Trente enfants, selon l'Unicef, ont été tués par balle en Syrie lors de la répression des manifestations réclamant la chute du président Bachar al-Assad, qui a annoncé mardi une amnistie, accueillie avec scepticisme par l'opposition et la communauté internationale.

«L'utilisation de balles réelles contre les manifestants a entraîné la mort d'au moins 30 enfants», a rapporté le fonds mondial pour l'enfance (Unicef) dans un communiqué, tout en reconnaissant son incapacité à vérifier les circonstances exactes de ces morts.

L'Unicef a rappelé l'existence de plusieurs informations faisant état d'un nombre croissant de petits Syriens blessés, détenus, déplacés, torturés voire tués lors de la répression des manifestations antigouvernementales.

«Nous appelons le gouvernement à enquêter minutieusement sur ces informations et à s'assurer que les auteurs de ces actes horribles soient identifiés et traduits devant la justice», a enjoint l'organisation.

Samedi, les militants pro-démocratie en Syrie avaient dédié une page Facebook au jeune Hamzeh al-Khatib, un garçon de 13 ans «torturé et tué» selon eux par les forces de sécurité à Deraa (sud), où est né le mouvement de contestation contre le régime.

Le ministre syrien de l'Intérieur a ordonné mardi une enquête sur les circonstances de la mort de ce garçon.

Les médias officiels syriens qui avaient qualifié de «mensonges fabriqués» les accusations de torture, ont annoncé mercredi que le président Assad avait reçu les parents de l'adolescent.

Selon les organisations de défense des droits de l'homme, plus de 1100 civils ont été tués et au moins 10 000 personnes ont été interpellées dans le pays depuis le début de la révolte, le 15 mars.

Human Rights Watch a fait état mercredi de «crimes contre l'humanité» commis dans la région de Deraa, dans un rapport intitulé «Nous n'avons jamais vu une telle horreur».

Selon elle, les quelque 50 témoignages recueillis décrivent des tueries systématiques, des passages à tabac, des tortures avec des électrochocs et la détention de personnes alors qu'elles nécessitaient des soins médicaux.

«Depuis plus de deux mois, les autorités syriennes tuent et torturent leurs propres concitoyens dans la plus grande impunité», a dénoncé Sarah Leah Whitson, responsable pour le Moyen-Orient de HRW.

Sur le plan politique, plus de 300 opposants, pour la majorité exilés, étaient réunis par ailleurs mercredi, et pour trois jours, à Antalya en Turquie pour constituer «une feuille de route» pour une transition démocratique et pacifique, selon les organisateurs.
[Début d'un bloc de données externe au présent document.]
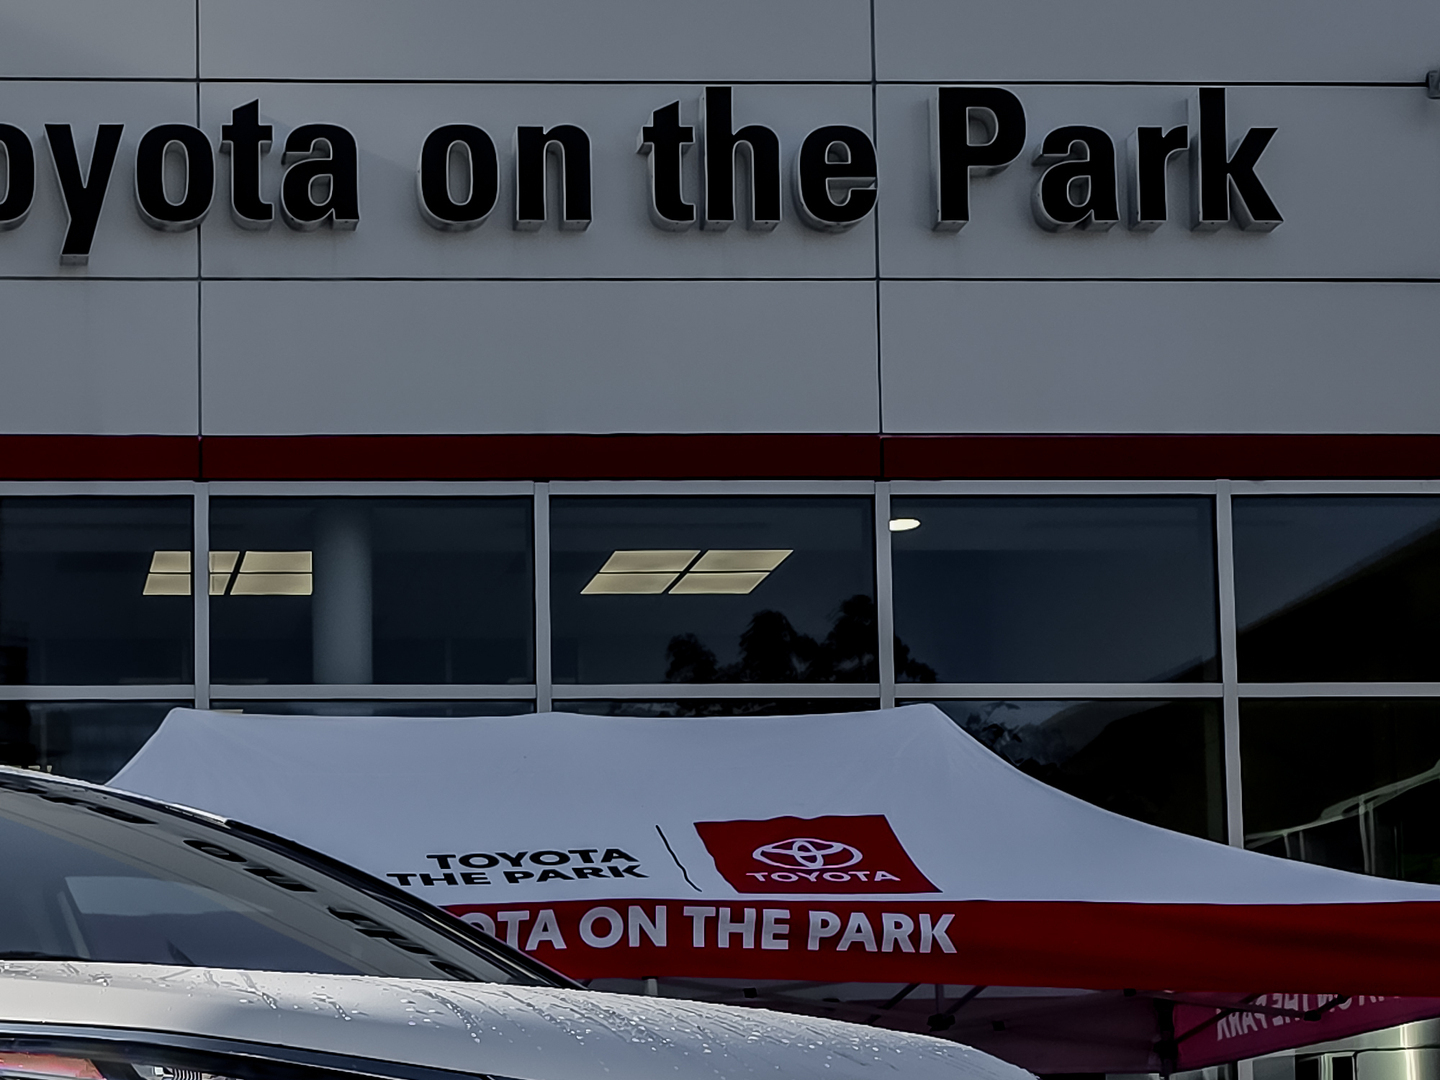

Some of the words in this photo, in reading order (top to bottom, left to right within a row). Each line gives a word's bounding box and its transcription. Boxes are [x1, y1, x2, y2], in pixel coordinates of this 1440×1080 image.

[420, 122, 592, 230] on
[636, 85, 878, 232] the
[931, 86, 1283, 232] Park
[426, 848, 641, 870] TOYOTA
[386, 871, 491, 887] THE
[502, 864, 650, 884] PARK
[745, 870, 901, 883] TOYOTA
[579, 905, 667, 948] ON
[683, 906, 791, 949] THE
[807, 911, 958, 954] PARK
Ces opposants ont jugé «insuffisante» et «tardive» l'amnistie générale, décrétée mardi par le président Bachar al-Assad, qui devrait s'étendre aux détenus politiques et de conscience, y compris les Frères musulmans, interdits en Syrie depuis les affrontements sanglants qui les avaient opposés au pouvoir au début des années 1980.

Même scepticisme en France concernant l'amnistie: le chef de la diplomatie, Alain Juppé, a dit «craindre qu'il ne soit trop tard». «Il y a eu au moins un millier de morts, peut-être plus, il faudra que le changement de cap des autorités syriennes soit beaucoup plus clair, plus ambitieux, plus audacieux qu'une simple amnistie», a-t-il ajouté.

Selon Bourhane Ghalioune, directeur du Centre des études arabes à la Sorbonne à Paris, cette amnistie «est un coup de bluff pour détourner l'attention de l'émergence d'une opposition organisée et pour parer aux pressions internationales» grandissantes.

Il s'agit selon lui d'une «mesure futile» -les personnes libérées pouvant à tout moment être arrêtées de nouveau- «si elle n'est pas accompagnée de dispositions pour régler la crise politique».

«Le pouvoir doit garantir la liberté d'expression, reconnaître la légitimité du mouvement de contestation» et «cesser le recours à la force», a-t-il ajouté.

Mardi, le pouvoir avait esquissé un autre signe d'ouverture en annonçant le début imminent d'un dialogue national avec l'opposition, tout en rejetant l'idée de revenir sur la prépondérance du parti Baas.

Dans le centre du pays, «le calme régnait mercredi à Talbisseh et à Rastan, deux villes de la région de Homs, contrôlées entièrement par les forces de sécurité et l'armée», envoyées pour réprimer la révolte, a indiqué un militant des droits de l'homme.

Selon lui, deux civils ont été tués mardi par des tirs des forces syriennes à Rastan et trois autres dans la région de Deraa (sud).